REQUIRED WORK –
Reproduce the lines below verbatim. Pictures are to be omitted.

RECORDS PROVIDED –
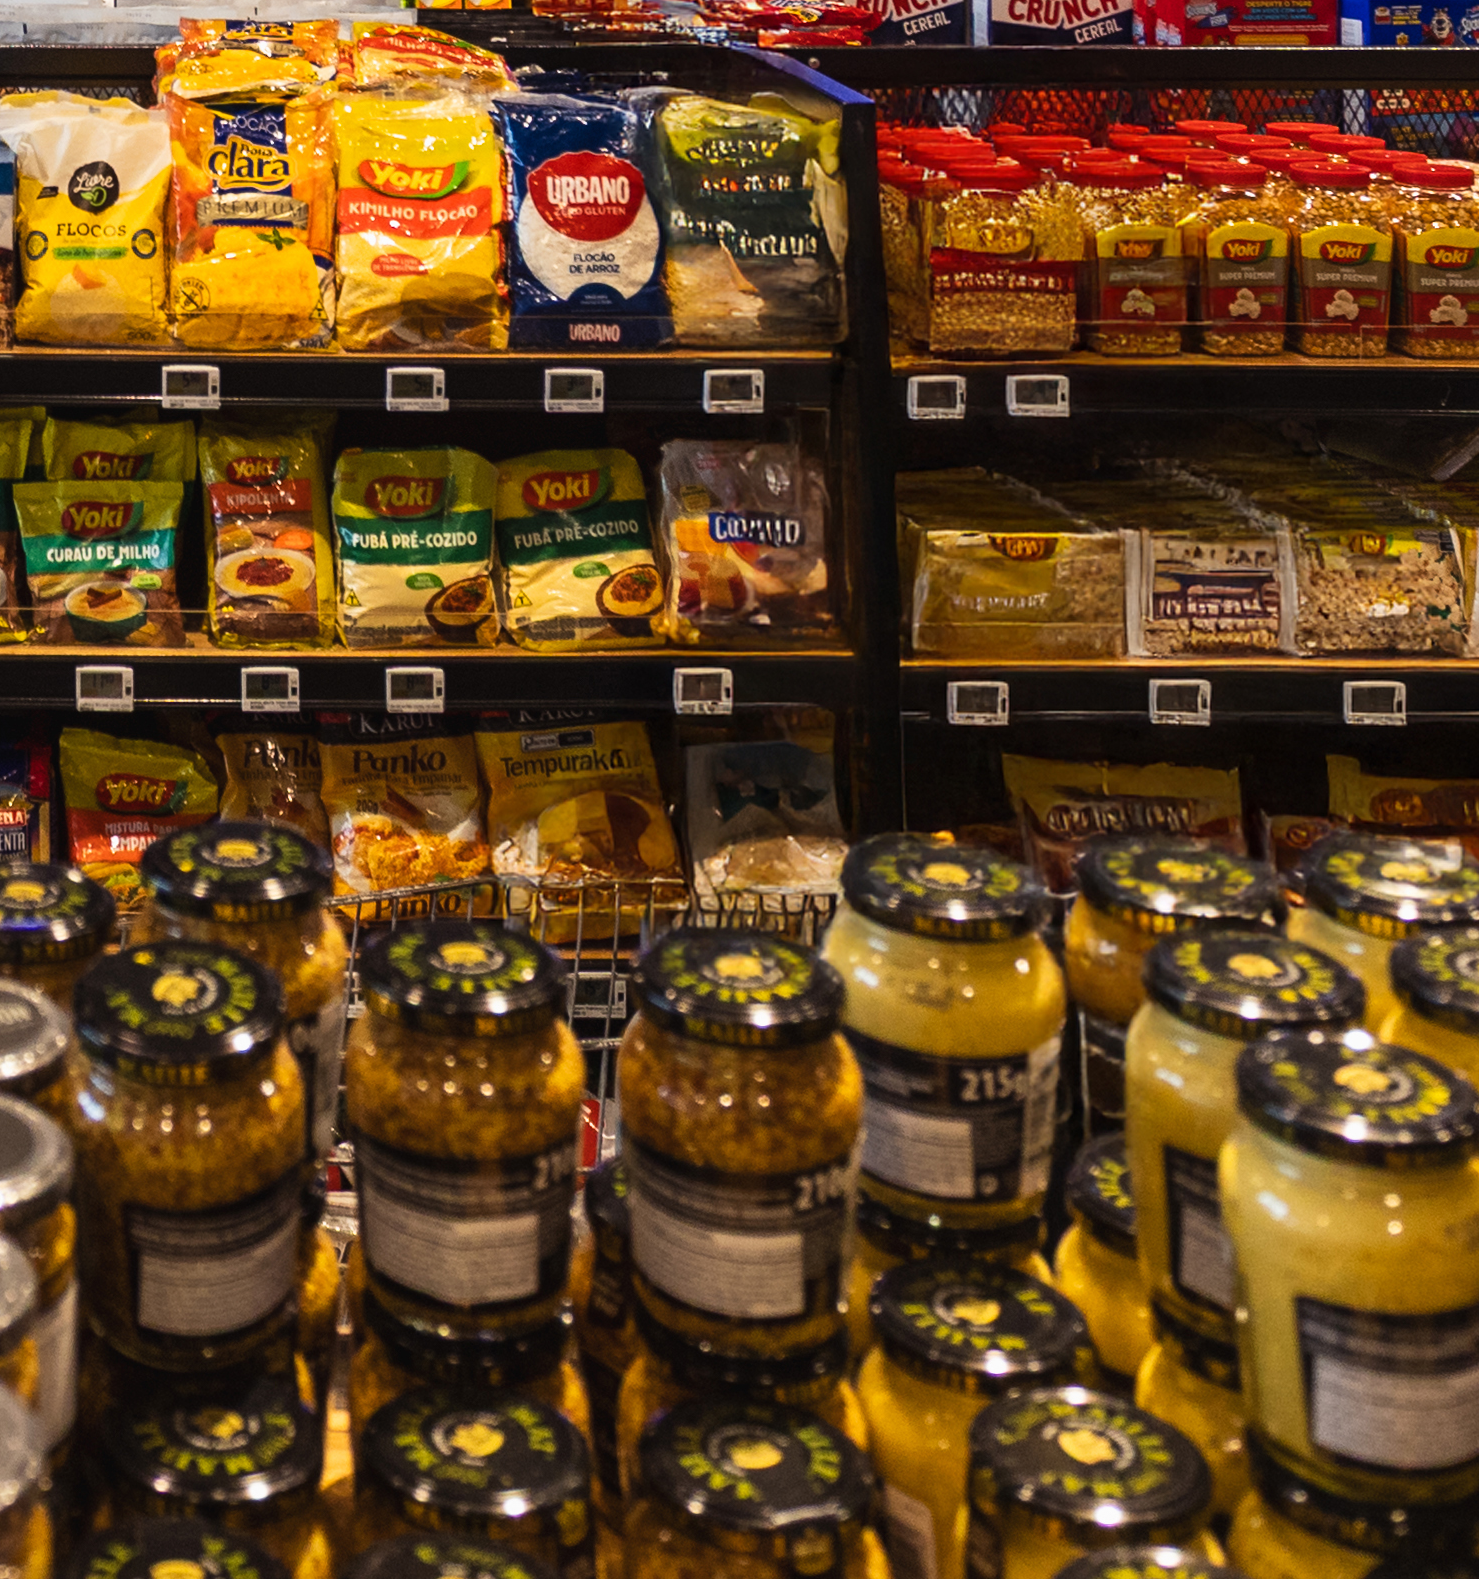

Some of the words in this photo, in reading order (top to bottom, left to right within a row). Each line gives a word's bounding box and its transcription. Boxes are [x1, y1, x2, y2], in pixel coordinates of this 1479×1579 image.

[904, 11, 951, 36] CEREAL
[1073, 21, 1122, 43] CEREAL
[369, 161, 443, 190] Yoki
[546, 175, 630, 205] URBANO
[349, 202, 415, 221] KIMILHO
[420, 206, 478, 223] FLOCÃO
[56, 222, 126, 238] FLOCOS
[574, 252, 615, 263] FLOCÃO
[570, 265, 583, 273] DE
[586, 265, 620, 273] ARROZ
[569, 324, 620, 342] URBANO
[68, 505, 124, 529] Yoki
[351, 529, 388, 549] FUBÁ
[390, 529, 477, 550] PRÉ-COZIDO
[46, 546, 88, 562] CURAU
[91, 545, 115, 561] DE
[118, 544, 161, 560] MILHO
[353, 745, 447, 773] Panko
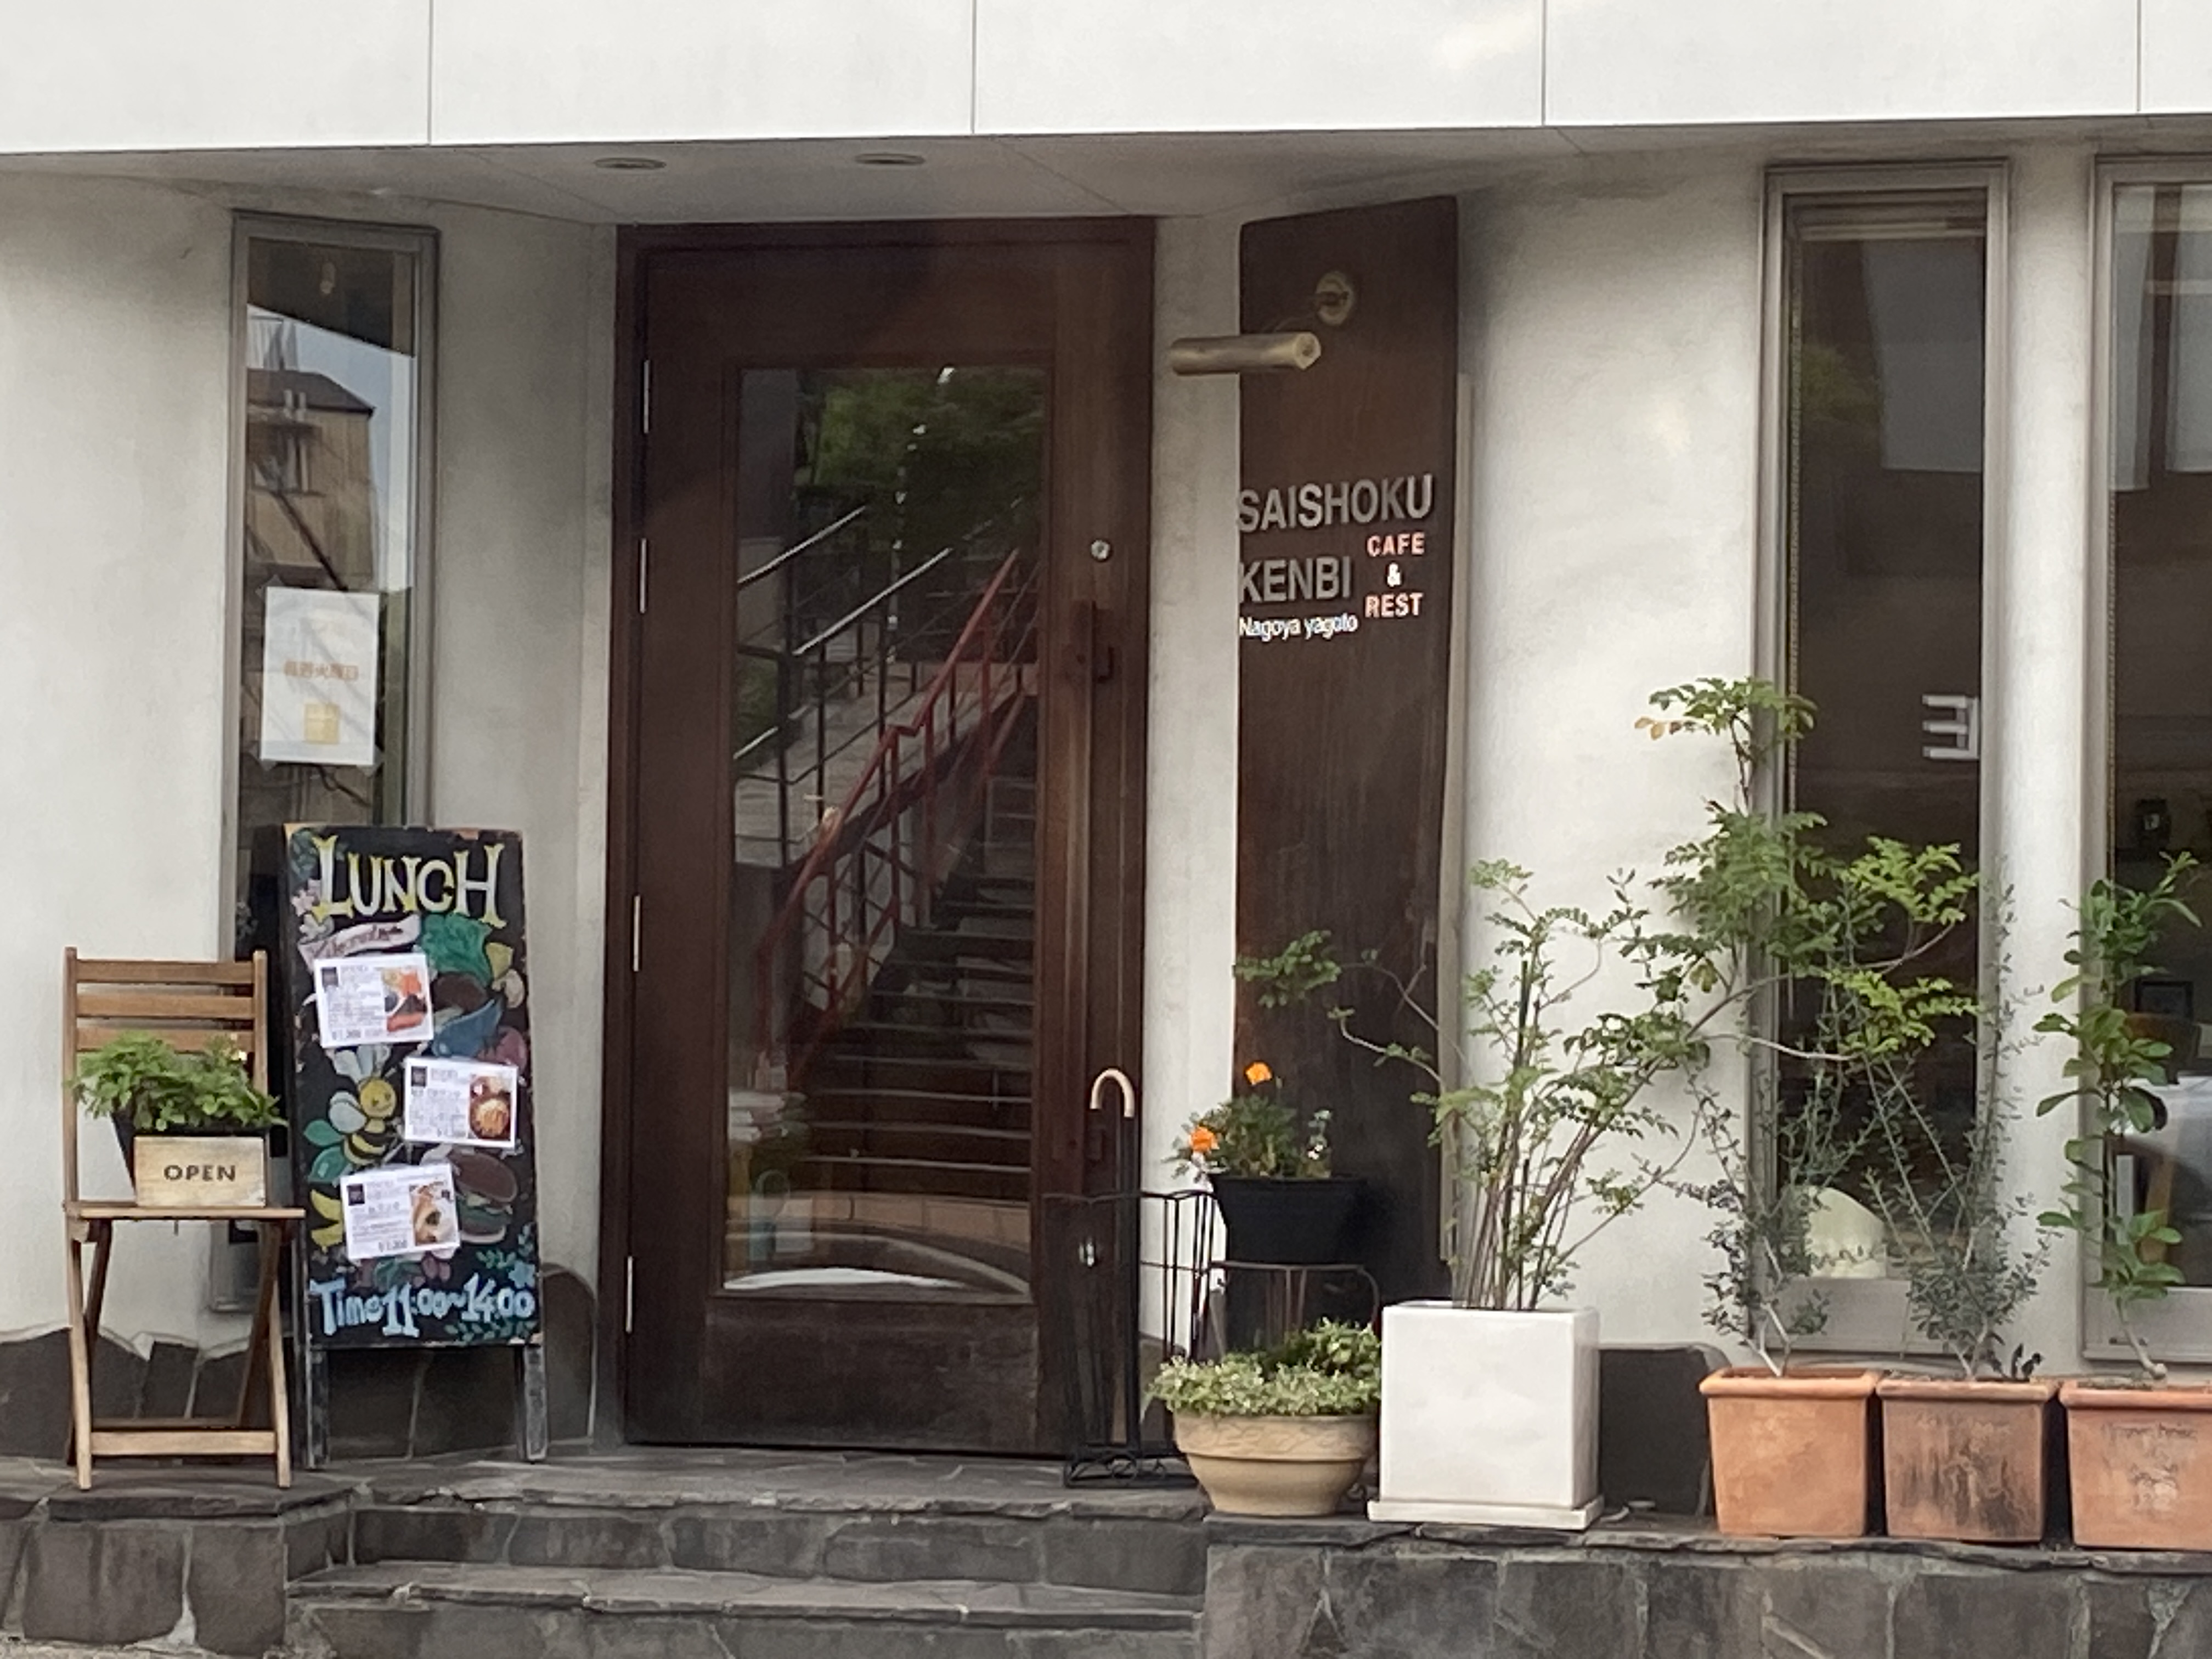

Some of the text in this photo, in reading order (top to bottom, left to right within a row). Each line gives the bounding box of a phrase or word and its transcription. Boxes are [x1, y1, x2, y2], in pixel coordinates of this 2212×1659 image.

[1238, 473, 1433, 533] SAISHOKU
[1367, 532, 1425, 557] CAFE
[1238, 556, 1351, 603] KENBI
[1386, 562, 1402, 587] &
[1365, 592, 1423, 618] REST
[1239, 616, 1301, 641] Nagoya
[311, 834, 507, 929] LUNCH
[163, 1164, 236, 1182] OPEN
[309, 1278, 383, 1336] Time

ANSWER AREA –
Some of the words in this photo, in reading order (top to bottom, left to right within a row). Each line gives a word's bounding box and its transcription. Boxes are [x1, y1, x2, y2], in pixel coordinates of this 1479×1579 image.

[904, 11, 951, 36] CEREAL
[1073, 21, 1122, 43] CEREAL
[369, 161, 443, 190] Yoki
[546, 175, 630, 205] URBANO
[349, 202, 415, 221] KIMILHO
[420, 206, 478, 223] FLOCÃO
[56, 222, 126, 238] FLOCOS
[574, 252, 615, 263] FLOCÃO
[570, 265, 583, 273] DE
[586, 265, 620, 273] ARROZ
[569, 324, 620, 342] URBANO
[68, 505, 124, 529] Yoki
[351, 529, 388, 549] FUBÁ
[390, 529, 477, 550] PRÉ-COZIDO
[46, 546, 88, 562] CURAU
[91, 545, 115, 561] DE
[118, 544, 161, 560] MILHO
[353, 745, 447, 773] Panko

Some of the text in this photo, in reading order (top to bottom, left to right within a row). Each line gives the bounding box of a phrase or word and its transcription. Boxes are [x1, y1, x2, y2], in pixel coordinates of this 2212×1659 image.

[1238, 473, 1433, 533] SAISHOKU
[1367, 532, 1425, 557] CAFE
[1238, 556, 1351, 603] KENBI
[1386, 562, 1402, 587] &
[1365, 592, 1423, 618] REST
[1239, 616, 1301, 641] Nagoya
[311, 834, 507, 929] LUNCH
[163, 1164, 236, 1182] OPEN
[309, 1278, 383, 1336] Time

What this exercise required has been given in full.